Cytokine secretion is distinct from secretion of cytotoxic granules in NK cells

Abstract

NK cells are renowned for their ability to kill virally infected or transformed host cells by release of cytotoxic granules containing granzymes and perforin. NK cells also have important regulatory capabilities chiefly mediated by secretion of cytokines, such as IFN-gamma and TNF. The secretory pathway for the release of cytokines in NK cells is unknown. In this study, we show localization and trafficking of IFN-gamma and TNF in human NK cells in compartments and vesicles that do not overlap with perforin or other late endosome granule markers. Cytokines in post-Golgi compartments colocalized with markers of the recycling endosome (RE). REs are functionally required for cytokine release because inactivation of REs or mutation of RE-associated proteins Rab11 and vesicle-associated membrane protein-3 blocked cytokine surface delivery and release. In contrast, REs are not needed for release of perforin from preformed granules but may be involved at earlier stages of granule maturation.
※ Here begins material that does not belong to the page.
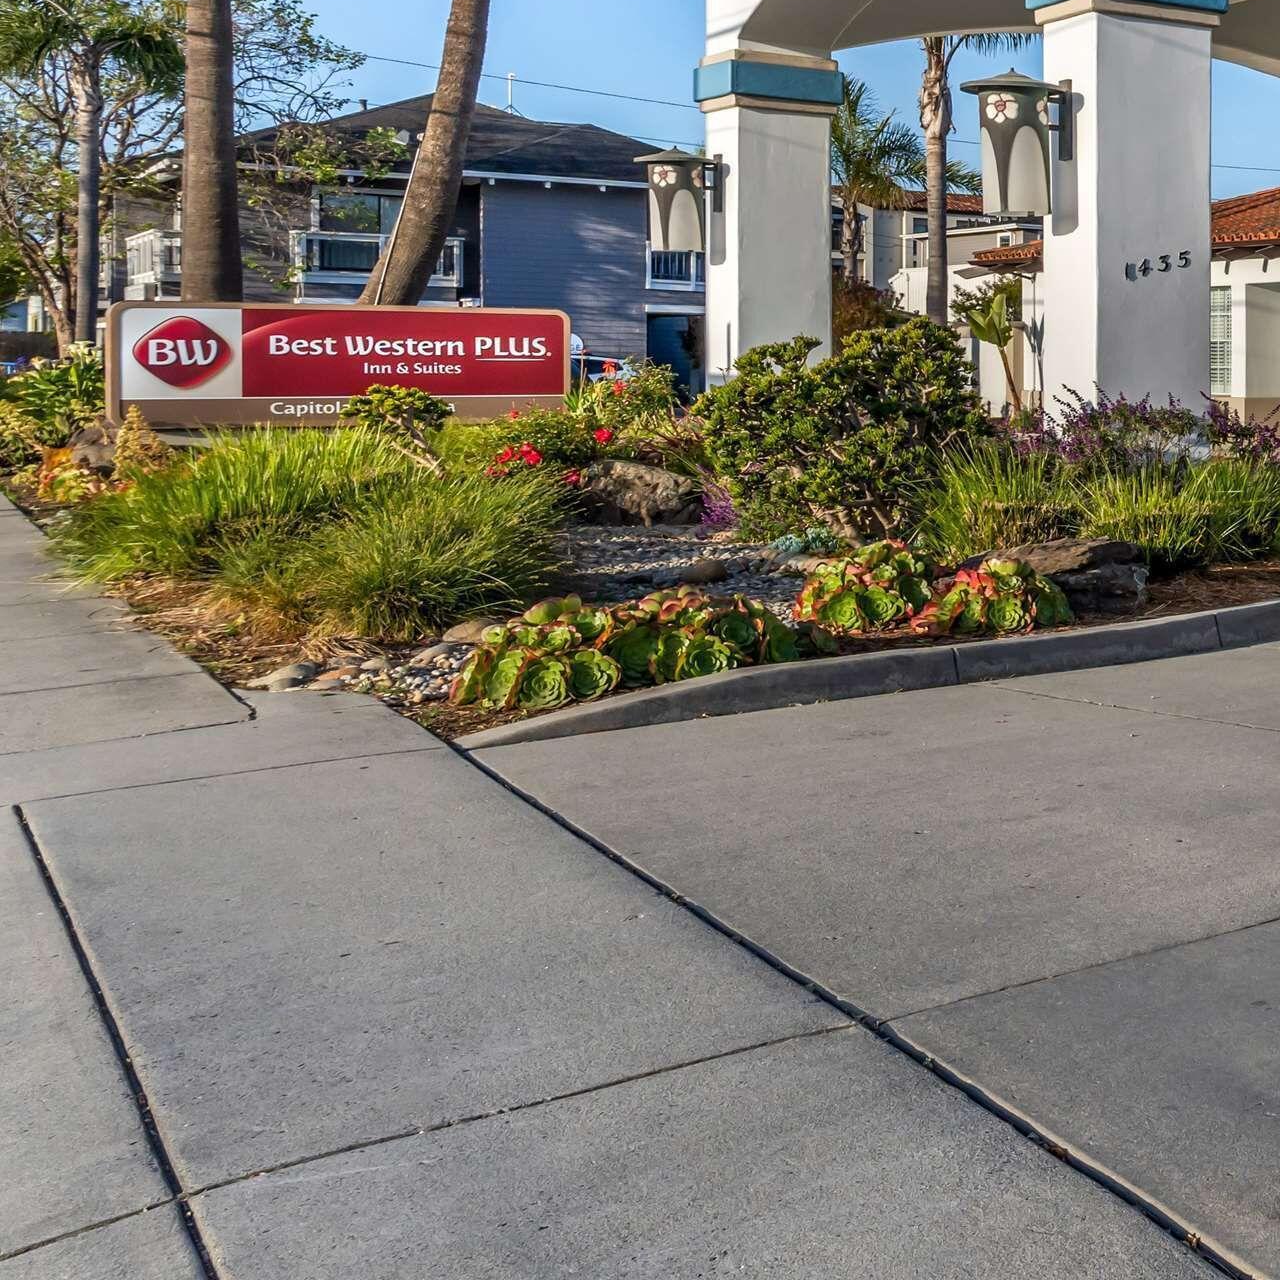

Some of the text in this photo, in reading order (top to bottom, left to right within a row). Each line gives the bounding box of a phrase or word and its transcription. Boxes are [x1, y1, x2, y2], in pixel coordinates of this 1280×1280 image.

These findings suggest a new role for REs in orchestrating secretion in NK cells. We show that the cytokines IFN-gamma and TNF are trafficked and secreted via a different pathway than perforin. Although perforin granules are released in a polarized fashion at lytic synapses, distinct carriers transport both IFN-gamma and TNF to points all over the cell surface, including within the synapse, for nonpolarized release.